The data
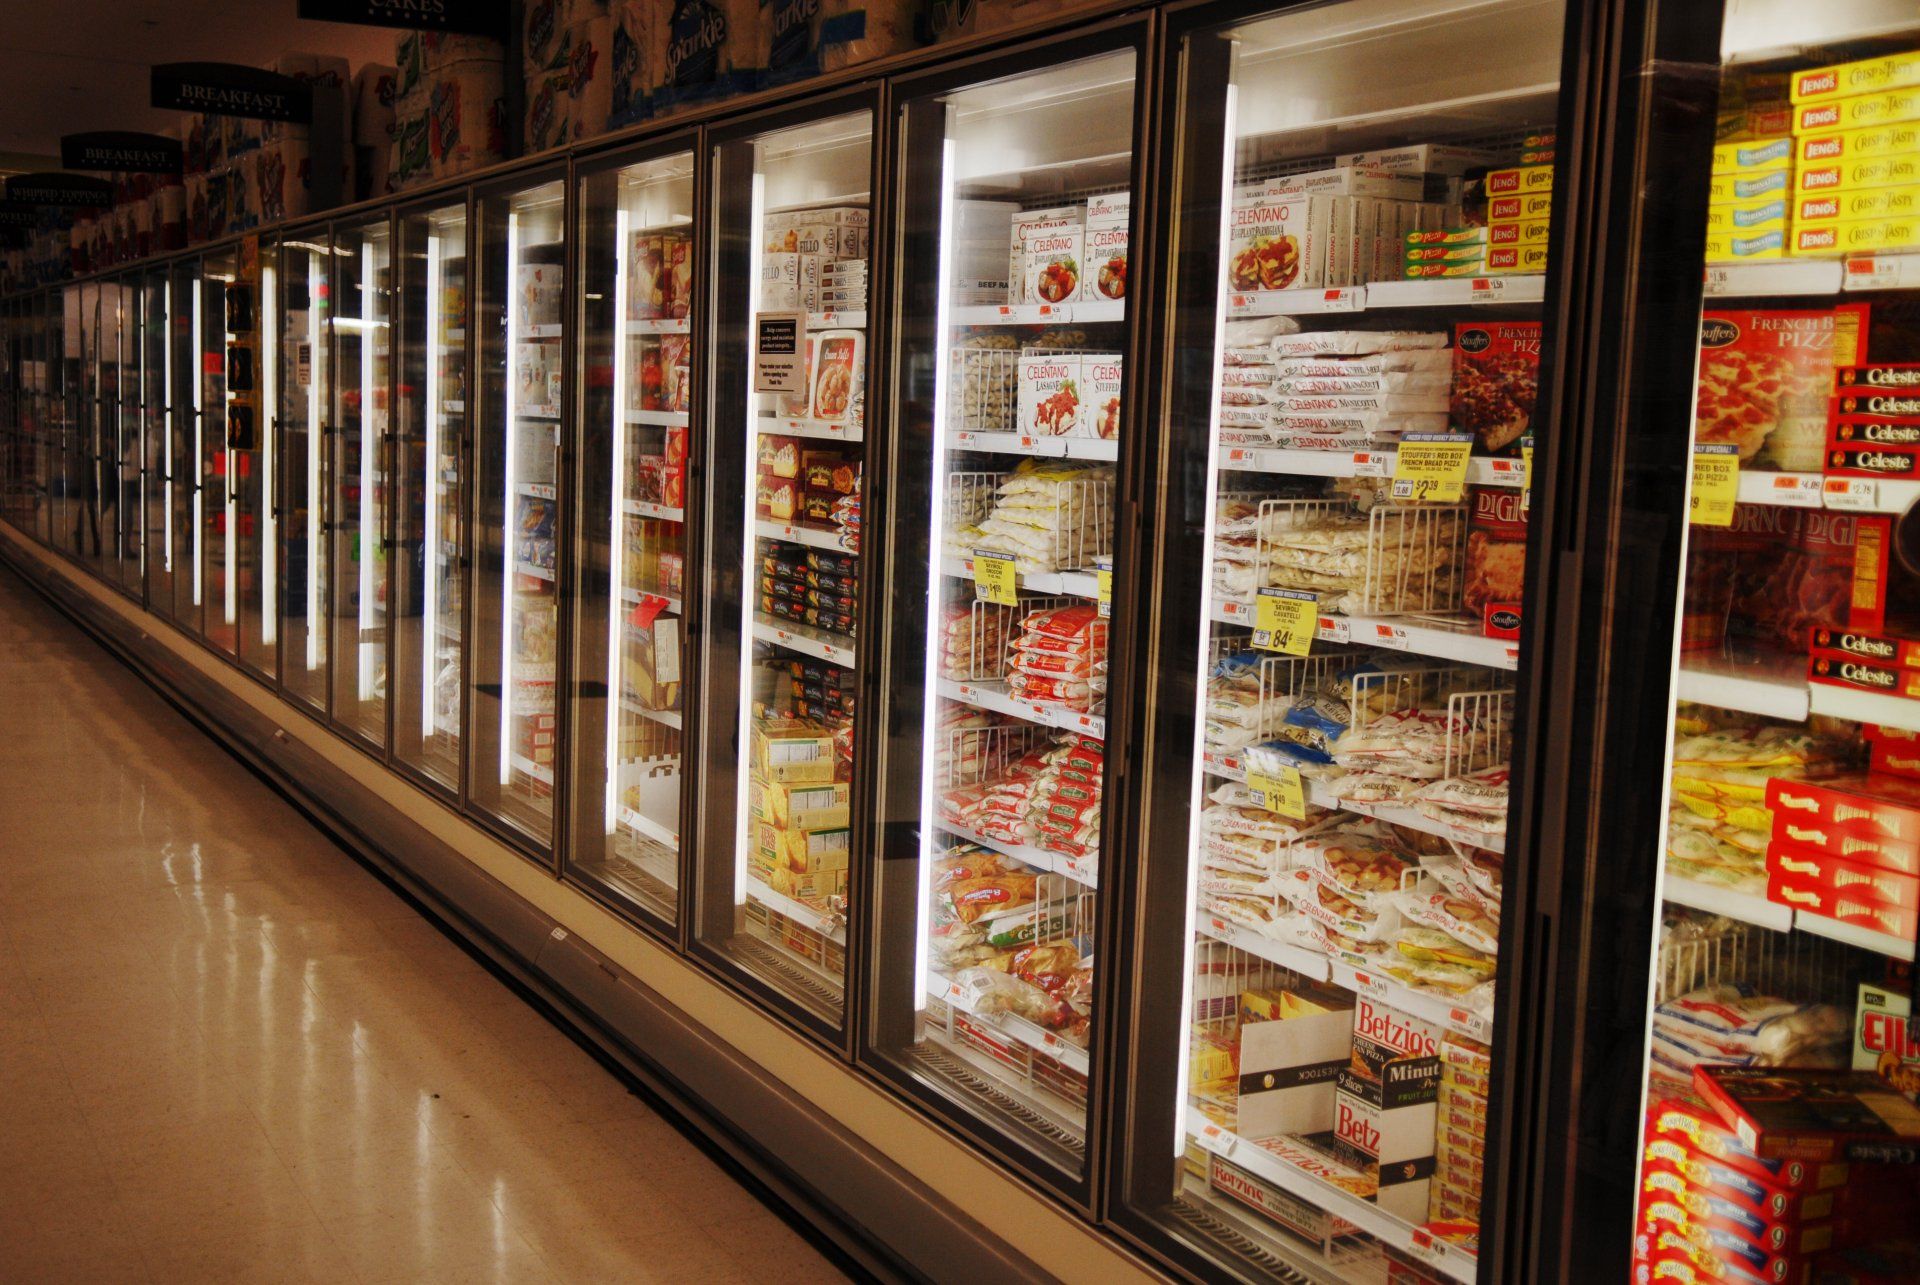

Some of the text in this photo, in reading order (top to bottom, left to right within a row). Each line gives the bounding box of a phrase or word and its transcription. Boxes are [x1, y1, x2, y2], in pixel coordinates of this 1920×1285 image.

[1850, 68, 1878, 86] CRISP
[181, 83, 286, 110] BREAKFAST
[1852, 102, 1878, 120] CRISP
[1854, 135, 1881, 152] CRISP
[85, 147, 168, 164] BREAKFAST
[1527, 171, 1547, 186] CRISP
[1852, 165, 1878, 183] CRISP
[11, 187, 58, 200] WHIPPED
[1528, 198, 1547, 213] CRISP
[1851, 195, 1878, 212] CRISP
[1230, 206, 1289, 227] CELENTANO
[1525, 223, 1545, 239] CRISP
[1848, 226, 1876, 244] CRISP
[800, 239, 819, 254] FILLO
[1033, 238, 1073, 253] CELENTANO
[1524, 249, 1544, 265] CRISP
[762, 266, 780, 281] FILLO
[978, 281, 997, 289] BEEF
[1751, 316, 1817, 331] FRENCH
[1027, 365, 1069, 381] CELENTANO
[1299, 365, 1346, 378] CELENTANO
[1294, 380, 1341, 392] CELENTANO
[1288, 399, 1338, 411] CELENTANO
[1284, 417, 1328, 430] CELENTANO
[1865, 424, 1919, 441] Celeste
[1292, 437, 1339, 449] CELENTANO
[1401, 451, 1437, 459] STOUFFER'S
[1424, 459, 1443, 467] BREAD
[1856, 451, 1911, 469] Celeste
[1694, 464, 1731, 473] RED BOX
[1273, 610, 1301, 619] CAVATELLI
[1275, 604, 1300, 612] SEVIROLI
[1841, 633, 1894, 657] Celeste
[1841, 662, 1894, 686] Celeste
[1300, 900, 1336, 925] CELENTANO
[1358, 1000, 1437, 1058] Betzio's
[1365, 1048, 1385, 1064] PIZZA
[1339, 1072, 1345, 1084] 9
[1389, 1062, 1440, 1083] Minut
[1398, 1090, 1420, 1102] FRUIT
[1338, 1103, 1381, 1153] Betz
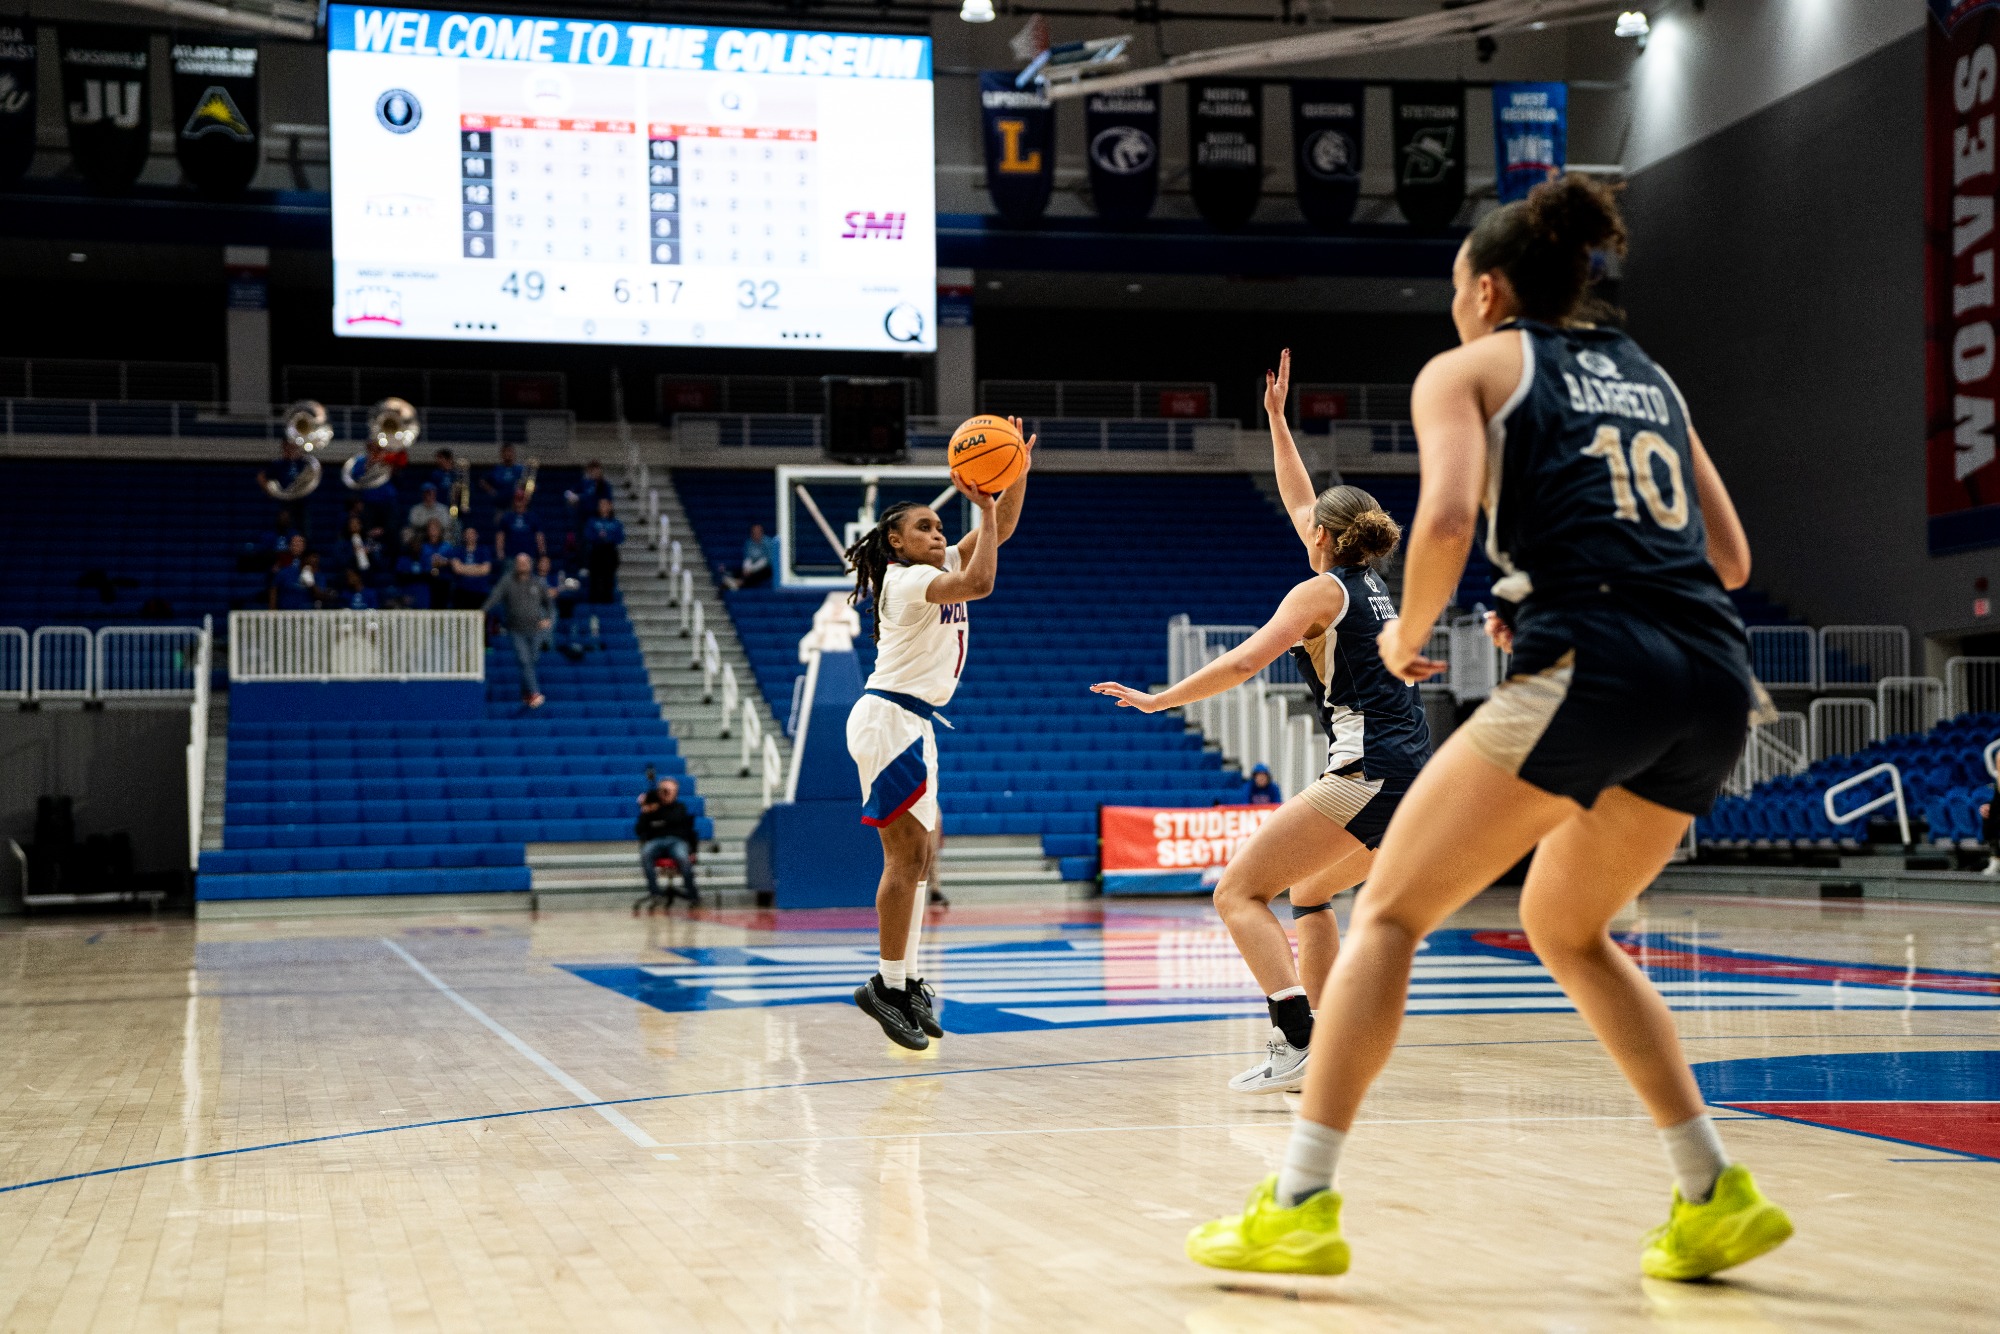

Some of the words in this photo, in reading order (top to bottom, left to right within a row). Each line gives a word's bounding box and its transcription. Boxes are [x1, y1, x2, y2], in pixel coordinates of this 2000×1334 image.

Exercise goal
Set the listing down verbatim, excluding pictures.

The answer
Some of the text in this photo, in reading order (top to bottom, left to right within a row). Each line gives the bounding box of a phrase or word and its transcription. Boxes are [x1, y1, x2, y2], in pixel coordinates of this 1920×1285 image.

[1850, 68, 1878, 86] CRISP
[181, 83, 286, 110] BREAKFAST
[1852, 102, 1878, 120] CRISP
[1854, 135, 1881, 152] CRISP
[85, 147, 168, 164] BREAKFAST
[1527, 171, 1547, 186] CRISP
[1852, 165, 1878, 183] CRISP
[11, 187, 58, 200] WHIPPED
[1528, 198, 1547, 213] CRISP
[1851, 195, 1878, 212] CRISP
[1230, 206, 1289, 227] CELENTANO
[1525, 223, 1545, 239] CRISP
[1848, 226, 1876, 244] CRISP
[800, 239, 819, 254] FILLO
[1033, 238, 1073, 253] CELENTANO
[1524, 249, 1544, 265] CRISP
[762, 266, 780, 281] FILLO
[978, 281, 997, 289] BEEF
[1751, 316, 1817, 331] FRENCH
[1027, 365, 1069, 381] CELENTANO
[1299, 365, 1346, 378] CELENTANO
[1294, 380, 1341, 392] CELENTANO
[1288, 399, 1338, 411] CELENTANO
[1284, 417, 1328, 430] CELENTANO
[1865, 424, 1919, 441] Celeste
[1292, 437, 1339, 449] CELENTANO
[1401, 451, 1437, 459] STOUFFER'S
[1424, 459, 1443, 467] BREAD
[1856, 451, 1911, 469] Celeste
[1694, 464, 1731, 473] RED BOX
[1273, 610, 1301, 619] CAVATELLI
[1275, 604, 1300, 612] SEVIROLI
[1841, 633, 1894, 657] Celeste
[1841, 662, 1894, 686] Celeste
[1300, 900, 1336, 925] CELENTANO
[1358, 1000, 1437, 1058] Betzio's
[1365, 1048, 1385, 1064] PIZZA
[1339, 1072, 1345, 1084] 9
[1389, 1062, 1440, 1083] Minut
[1398, 1090, 1420, 1102] FRUIT
[1338, 1103, 1381, 1153] Betz

Some of the words in this photo, in reading order (top to bottom, left to right within a row). Each line gives a word's bounding box and its transcription. Boxes are [x1, y1, x2, y2], in pixel coordinates of this 2000×1334 image.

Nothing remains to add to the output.